Los Cuentos de Encarnación - #104


TERTULIA IMPROVISADA

¡Feliz año mis queridos lectores! Antes de echarles el primer cuento del año quiero desearles que este 2017 esté lleno de salud y amor para ustedes y sus seres queridos.

Y... para no perder la tradición, les cuento lo que me pasó el mes pasado en el Metro de Caracas...

Tempranito, había más o menos flujo de personas, por lo menos lo suficiente para que me tocara viajar parada, a mí y a varios otros. Voy yo, de lo más tranquila, con la mente ocupada en los quehaceres inmediatos, y al llegar a la siguiente estación casi no se bajó nadie pero sí se montaron varias personas, entre ellas logré ver a dos madres con sus bebés cargados.
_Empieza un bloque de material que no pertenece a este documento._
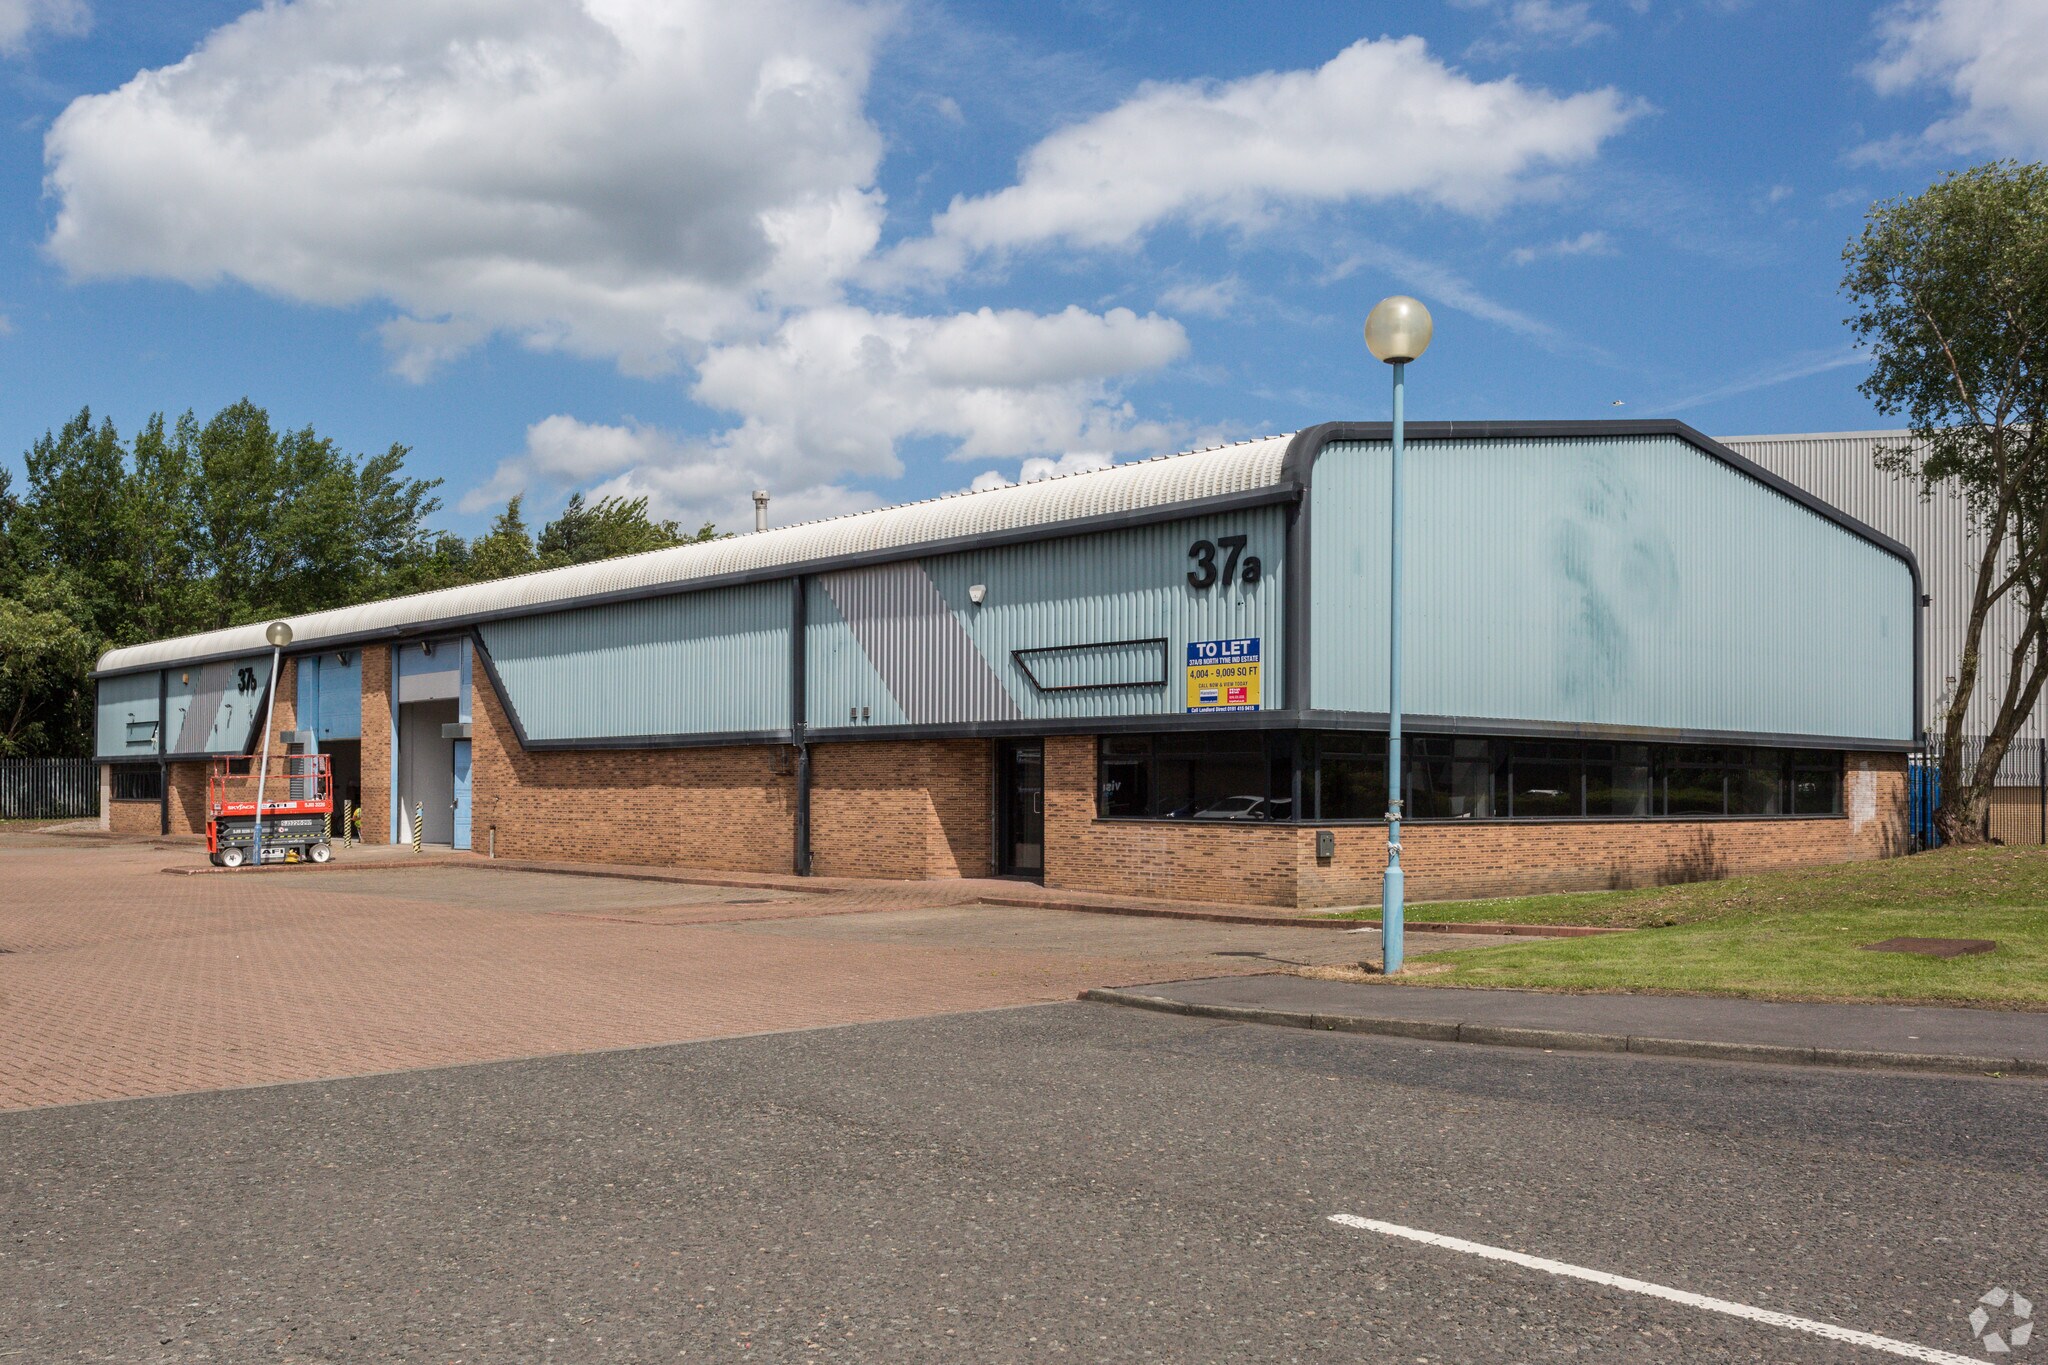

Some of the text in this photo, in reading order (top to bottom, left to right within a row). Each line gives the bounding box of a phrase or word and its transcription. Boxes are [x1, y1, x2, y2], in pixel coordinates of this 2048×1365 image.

[1187, 534, 1261, 589] 37a
[1196, 640, 1250, 657] TO LET
[1190, 670, 1208, 679] 4,004
[1216, 668, 1235, 678] 9,009
[1237, 667, 1246, 676] SQ
[1249, 667, 1257, 675] FT
Los asientos preferenciales estaban ocupados por adultos mayores y nadie las vio o (no quisieron ofrecerles puesto), por lo que se acomodaron como pudieron agarrándose de donde pudieron.

En situaciones como ésa, yo suelo esperar que la buena voluntad de la gente haga su magia, pero al ver que el tren arrancaba y una se tamboleó que requirió ayuda para no caerse, no pude contener la angustia, y grité: "Dos personas solidarias que le cedan su asiento a dos madres que vienes con sus hijos en brazos".
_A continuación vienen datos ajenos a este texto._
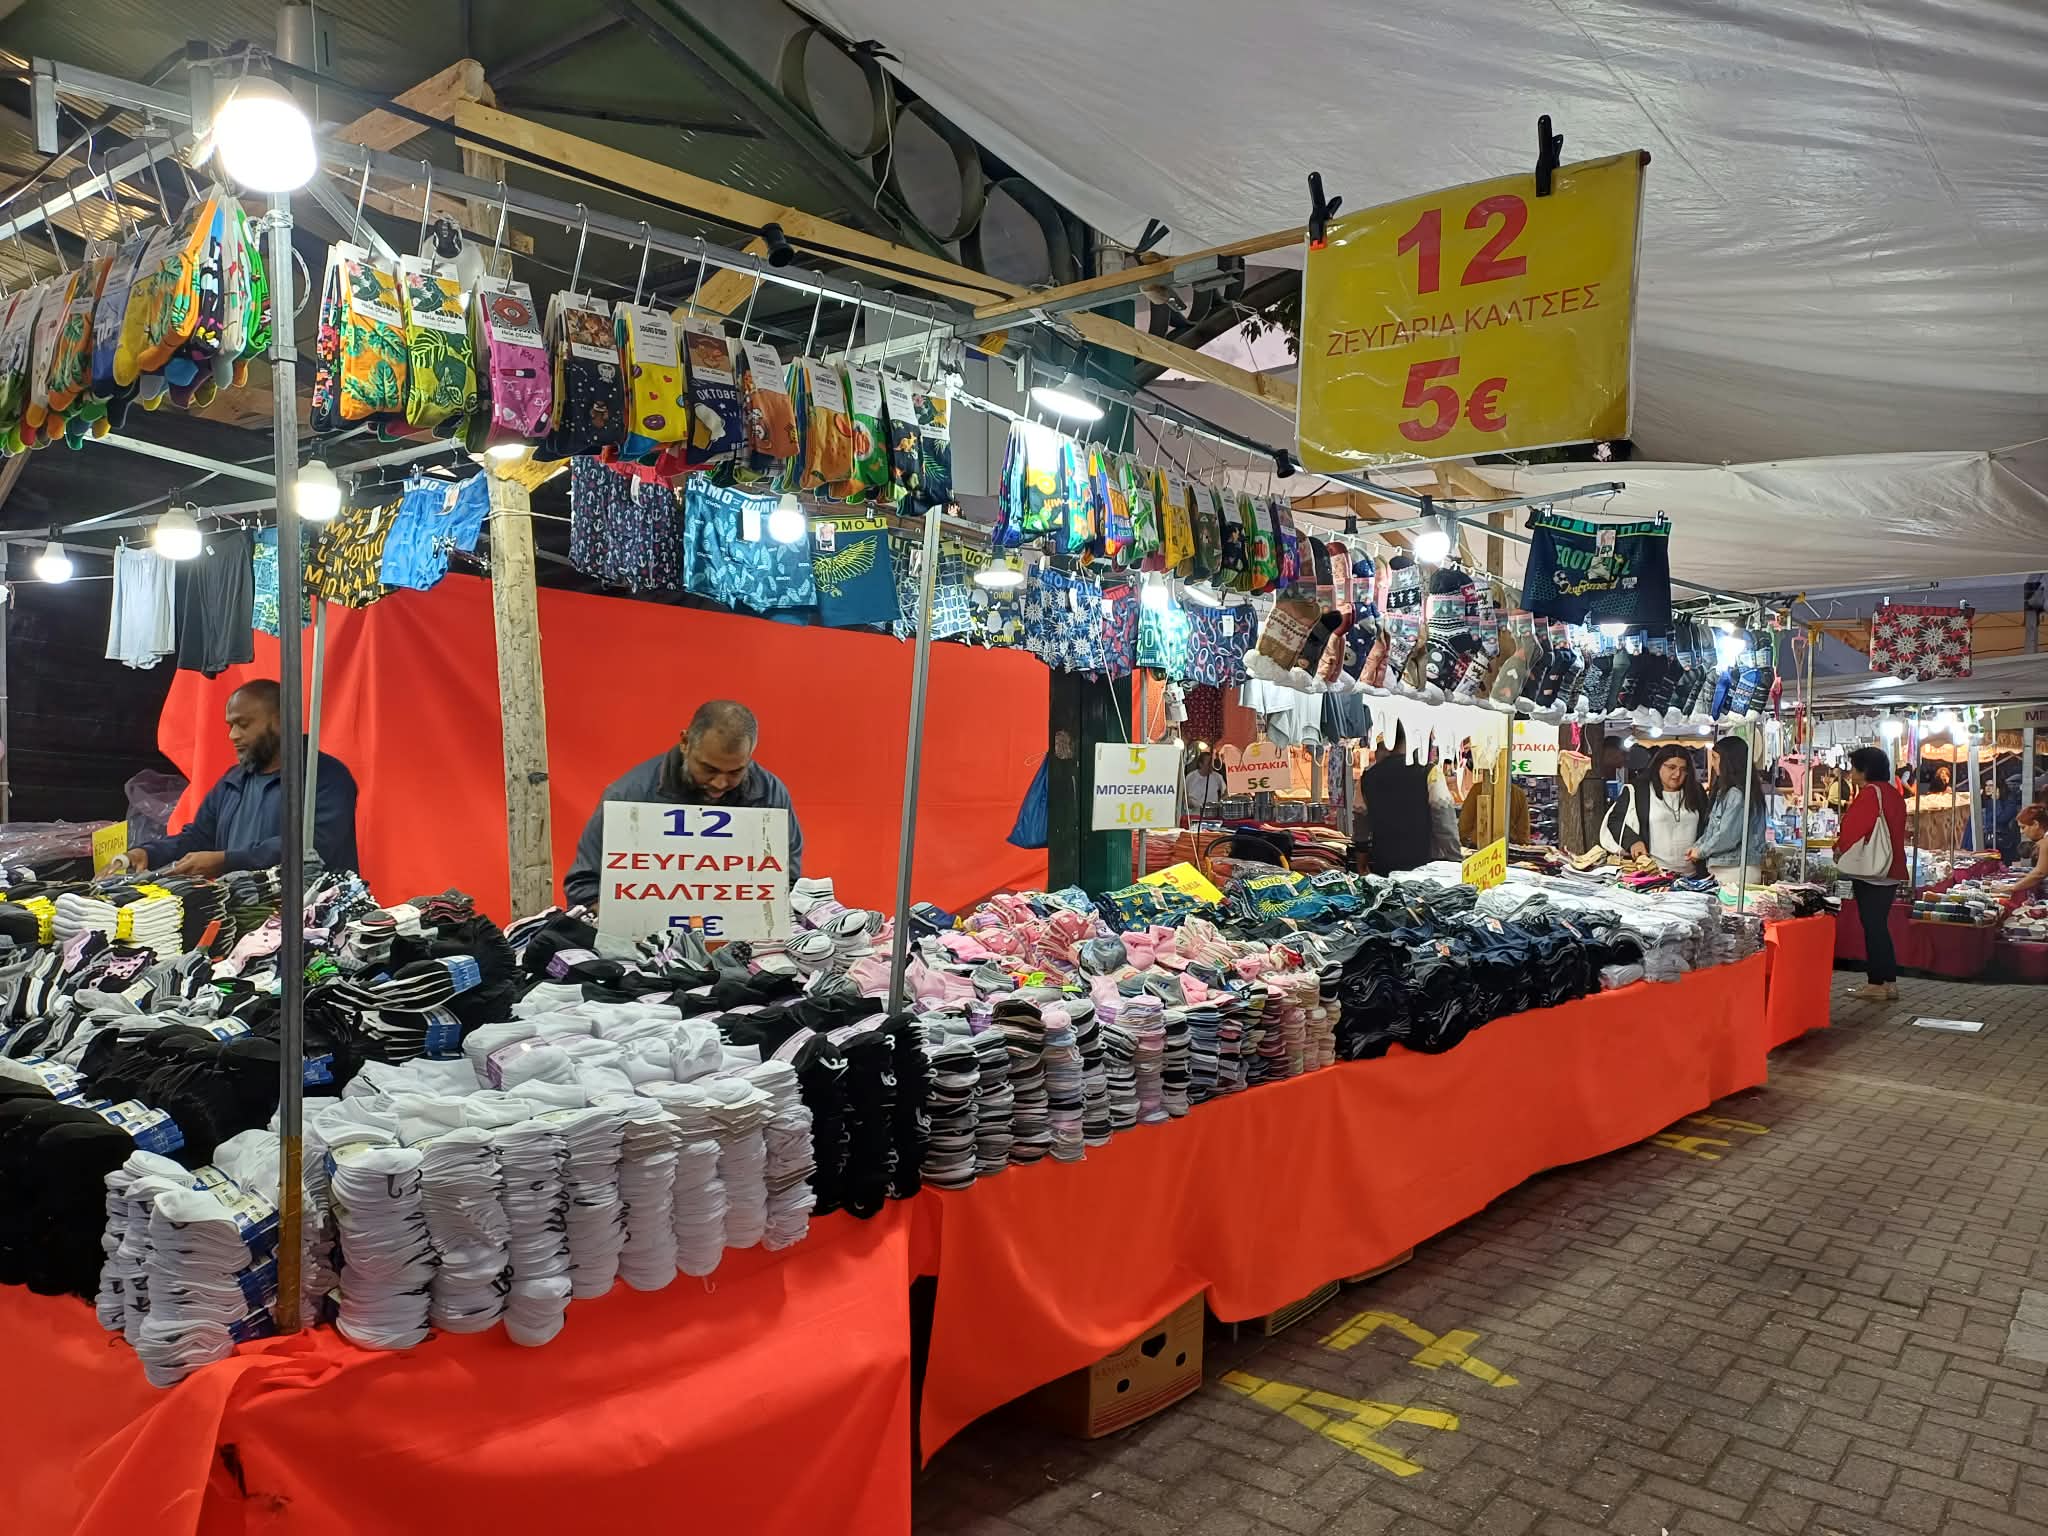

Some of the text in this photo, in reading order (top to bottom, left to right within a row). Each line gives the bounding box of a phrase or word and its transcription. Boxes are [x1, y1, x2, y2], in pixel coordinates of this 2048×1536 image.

[1397, 194, 1528, 295] 12
[1325, 283, 1602, 358] ΖΕΥΓΑΡΙΑ ΚΑΛΤΣΕΣ
[1398, 356, 1508, 443] 5€
[1128, 746, 1148, 776] 5
[1096, 784, 1175, 796] ΜΠΟΞΕΡΑΚΙΑ
[1247, 776, 1271, 790] 5€
[663, 808, 734, 838] 12
[1115, 801, 1154, 824] 10€
[606, 852, 783, 873] ΖΕΥΓΑΡΙΑ
[613, 882, 776, 901] ΚΑΛΤΣΕΣ
Al instante dos hombres se pararon y el resto de los pasajeros las ayudaron a llegar a las sillas, entonces vi una tercera mamá con su chamo así que volví a gritar: "Otra persona solidaria por favor, necesitamos otro asiento"; y otro joven se paró.
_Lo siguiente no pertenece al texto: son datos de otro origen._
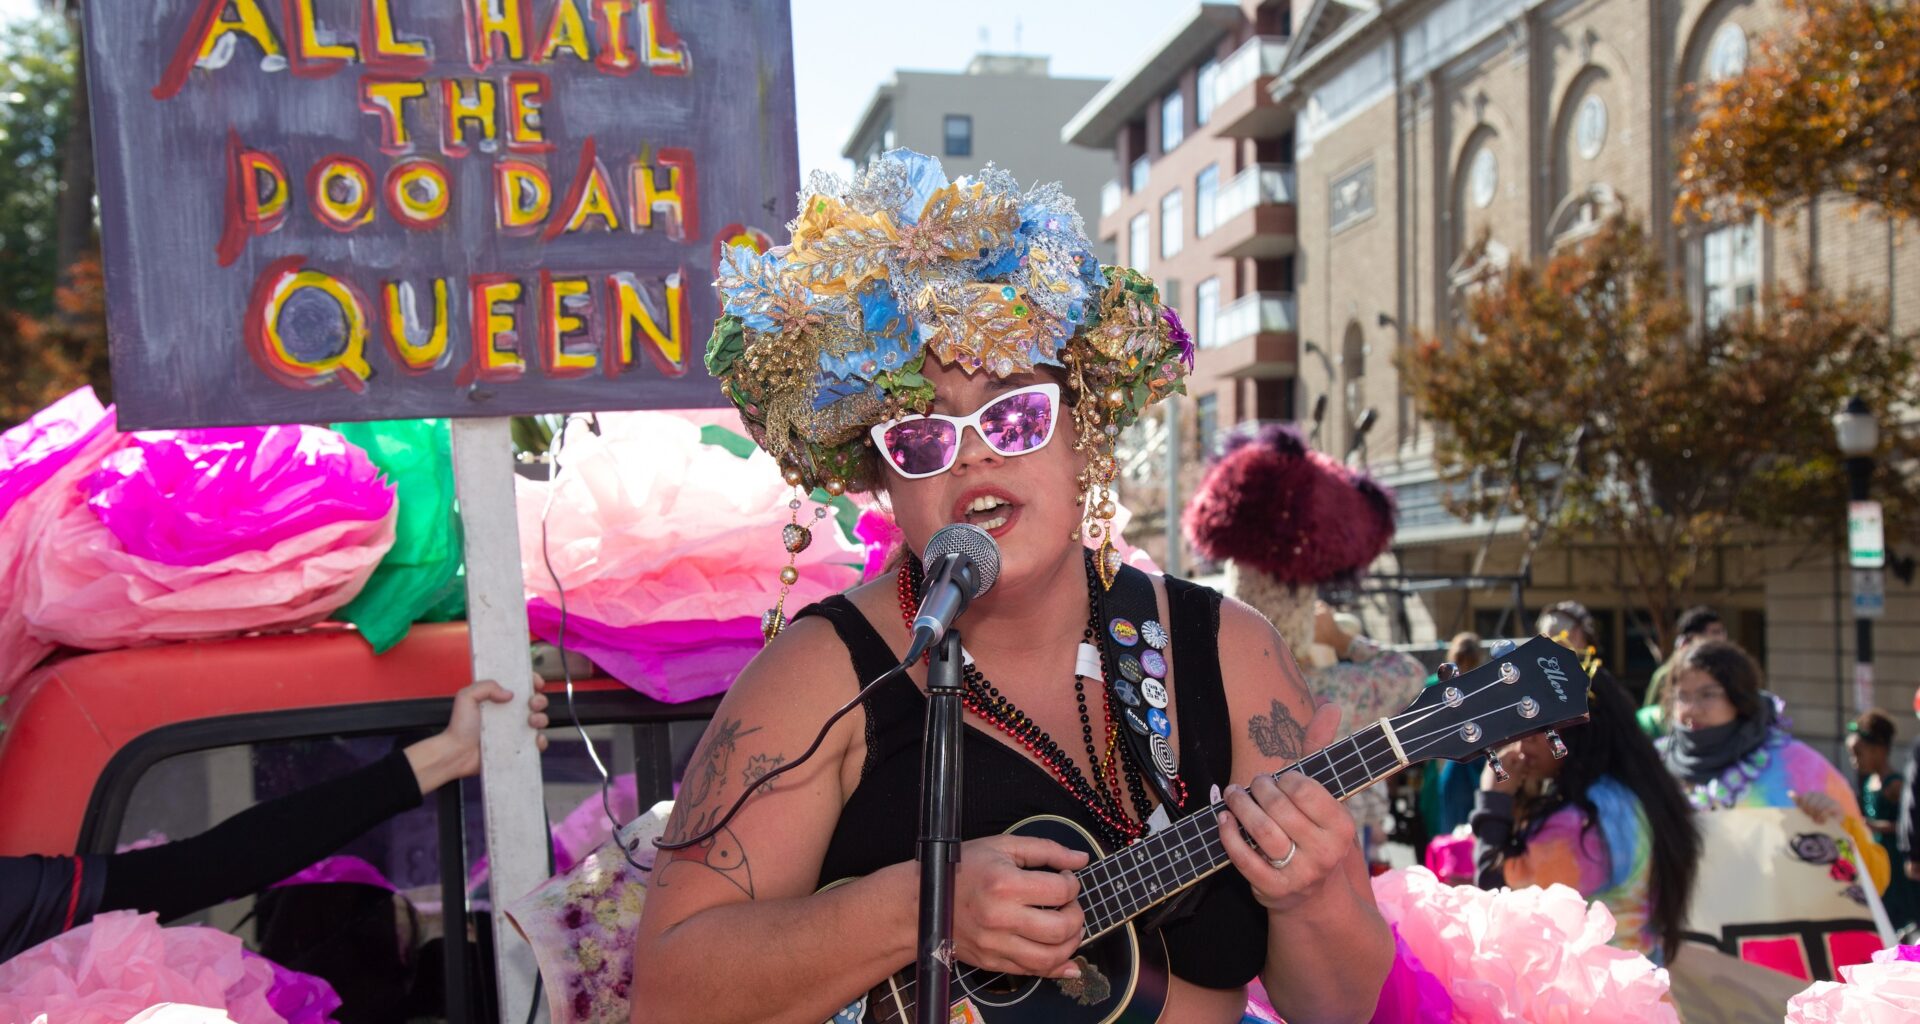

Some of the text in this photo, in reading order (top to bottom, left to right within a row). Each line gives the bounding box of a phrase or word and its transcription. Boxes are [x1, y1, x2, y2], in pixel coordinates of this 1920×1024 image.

En eso, escuché una voz detrás mío (no era el señor del susto del otro cuento): "No sólo los caballeros, las mujeres también pueden ceder el asiento". Me volteo y respondo: "Por eso dije 'personas solidarias' y no 'caballeros', porque yo creo que la caballerosidad está sobreestimada".

Una señora que escuchó aportó: "No se crea, últimamente las mujeres son las que ofrecen asiento". Y una de las jóvenes que había recibido uno de los que yo había pedido comentó "Es verdad, me ha pasado últimamente que son más las mujeres las que me ceden su puesto".

Total que nos pusimos a conversar los cuatro, de lo más amenamente, sobre valores, caballerosidad, mujerosidad o damosidad (no sabíamos qué nombre ponerle), solidaridad... Y lo curioso del asunto es que fue positivamente, no andábamos quejándonos, sino como reconociendo lo que uno ve en la calle, lo que habíamos aprendido en casa, echando cuentos pues. Uno de los mejores viajes en metro que he tenido.